C'est également en ce sens qu'intervient un psychologue lorsqu'il signale que beaucoup de laboratoires étrangers figurent sur le Web, tandis que très peu de laboratoires français y sont représentés.

Utiliser Internet lorsque l'on travaille sur des périodes anciennes ou sur des sujets moins contemporains revêt aussi des difficultés. "Dès qu'on travaille sur des sujets qui ont un passé, par exemple les classes sociales, les générations ou les cohortes, la version Internet s'arrête assez vite", affirme un sociologue. En revanche, la plupart des ressources en ligne, hormis celles à caractère bibliographique, relève de l'époque contemporaine, ce qui a notamment permis, dans le cadre de cette étude, de trouver plusieurs documents électroniques de références sur le sujet.


4.1.3 Une facilité de traitement de l'information

Des nouvelles technologies de l'information et de la communication, Roger Chartier écrivait que "la révolution de notre présent (...) ne modifie pas seulement la technique de reproduction du texte, mais aussi les structures et les formes mêmes du support qui le communique à ses lecteurs. (...) Avec l'écran, substitué au codex, le bouleversement est plus radical puisque ce sont les modes d'organisation, de structuration, de consultation du sué port de l'écrit qui se trouvent modifiés. (...) En effet, chaque forme, chaque support, chaque structure de la transmission et de la réception de l'écrit affecte profondément ses possibles usages et interprétations70.

L'outil électronique ouvre, de ce fait, de nouvelles perspectives pour traiter l'information, de nouvelles procédures sont possibles pour s'acquitter de tâche qui étaient auparavant plus complexes.

a. de nouveaux moyens pour un archivage de l'information

L'ordinateur peut s'utiliser comme une véritable mémoire, une boîte dans laquelle se trouvent rassemblés tous les documents (à la seule condition qu'ils soient sous forme électronique) nécessaires à son travail. Par une simple fonction de sauvegarde, il devient alors facile d'alimenter ce centre de ressources de nouvelles informations.

L'utilisation d'Internet, qui a pour caractéristique de ne manipuler que des documents informatiques, peut se concevoir facilement dans une perspective de collecte de données en vue d'enrichir sa propre base.

Ainsi, une information recueillie sur un site peut être enregistrée dans le disque dur de l'ordinateur, ce qui permet ensuite de la classer dans des dossiers particuliers. Elle devient alors facilement accessible et peut subir de nombreux traitements comme sa remise en forme par des découpages, des rajouts etc.
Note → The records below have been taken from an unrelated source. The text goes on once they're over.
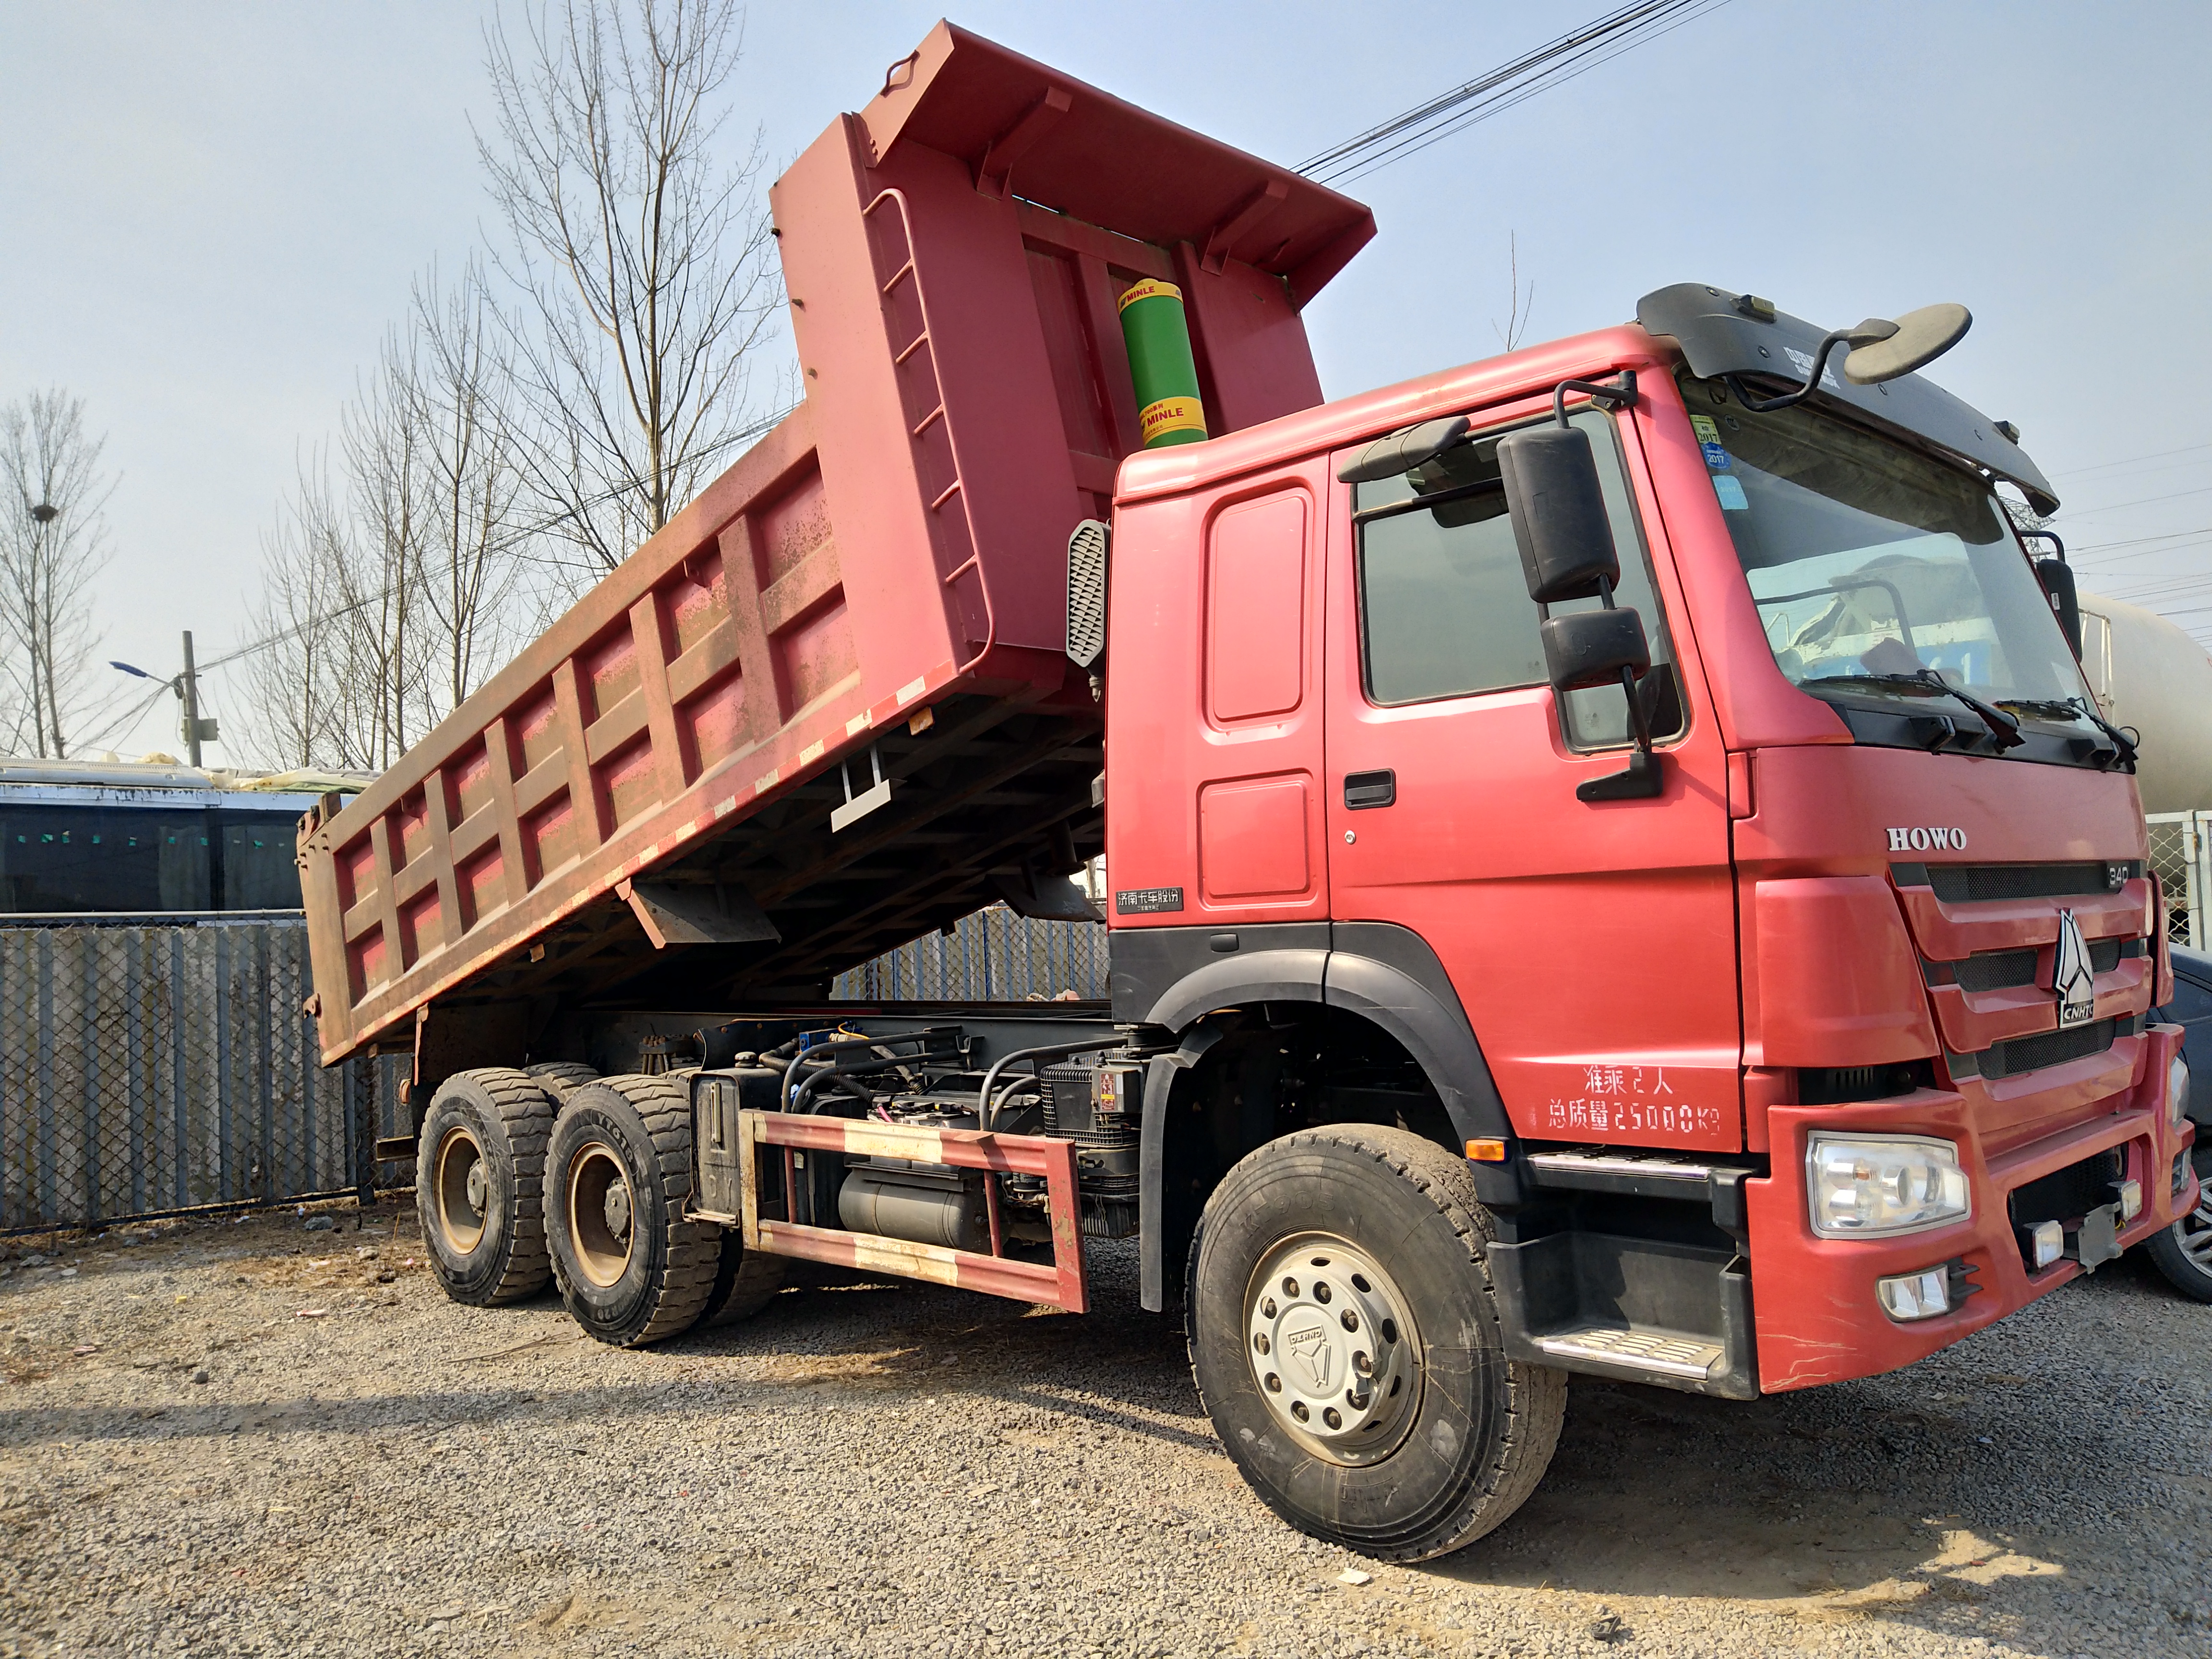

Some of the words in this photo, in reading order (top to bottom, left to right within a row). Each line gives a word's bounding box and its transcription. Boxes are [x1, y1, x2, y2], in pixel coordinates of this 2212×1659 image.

[1126, 286, 1155, 302] MINLE
[1147, 407, 1184, 427] MINLE
[1698, 433, 1717, 442] 2017
[1707, 454, 1724, 464] 2017
[1886, 827, 1967, 852] HOWO
[2109, 866, 2128, 885] 340
[1118, 889, 1179, 906] 济南卡车股份
[2064, 1003, 2093, 1020] CNHTC
[597, 1112, 633, 1163] YT618
Toutefois, les données en ligne ayant plus vocation à fournir des informations ponctuelles, les chercheurs ont plutôt tendance à sauvegarder les adresses des sites sur lesquelles des références susceptibles de les intéresser peuvent se trouver. Cette pratique est facilitée par les logiciels de navigation qui autorisent la mémorisation des adresses sous forme de bookmarks ou de signets. La réalisation d'entretiens sur les lieux de travail de certaines personnes interrogées a permis de constater que chacun utilisait cette fonction. Des sites de bibliothèques y apparaissent, ou encore d'institutions ou de laboratoires.
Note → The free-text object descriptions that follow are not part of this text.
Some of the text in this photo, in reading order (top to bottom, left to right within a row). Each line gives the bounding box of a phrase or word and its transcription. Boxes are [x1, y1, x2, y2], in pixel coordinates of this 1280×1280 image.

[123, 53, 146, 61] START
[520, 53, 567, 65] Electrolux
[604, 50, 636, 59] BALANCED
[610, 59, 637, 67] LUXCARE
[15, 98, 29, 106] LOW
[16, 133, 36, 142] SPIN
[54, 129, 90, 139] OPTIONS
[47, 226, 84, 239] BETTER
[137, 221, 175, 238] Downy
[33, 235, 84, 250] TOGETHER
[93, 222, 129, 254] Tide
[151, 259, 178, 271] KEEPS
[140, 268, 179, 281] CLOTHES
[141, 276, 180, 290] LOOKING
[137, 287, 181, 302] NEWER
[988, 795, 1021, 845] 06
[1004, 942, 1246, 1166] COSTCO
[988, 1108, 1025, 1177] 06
Vraie également pour les messages électroniques, la sauvegarde des correspondances en facilite l'archivage et le rangement. Un sociologue explique qu'un certain nombre de ces relations par mail est enregistré. "J'ai des mails de mes étudiants, de l'université d'Aix, du réseau finance, de mes commandes de livres, tout ça est archivé sous forme de mail-box." Rangé dans des répertoires appropriés, cela permet facilement d'y retourner pour vérifier un renseignement ou relire une information.

De même, un autre sociologue affirme que la messagerie électronique a un côté très pratique pour archiver les messages reçus et envoyés. "Je recule constamment les papiers que j'ai à ranger, paradoxalement, je peux passer des heures à ranger des fichiers sur mon ordinateur."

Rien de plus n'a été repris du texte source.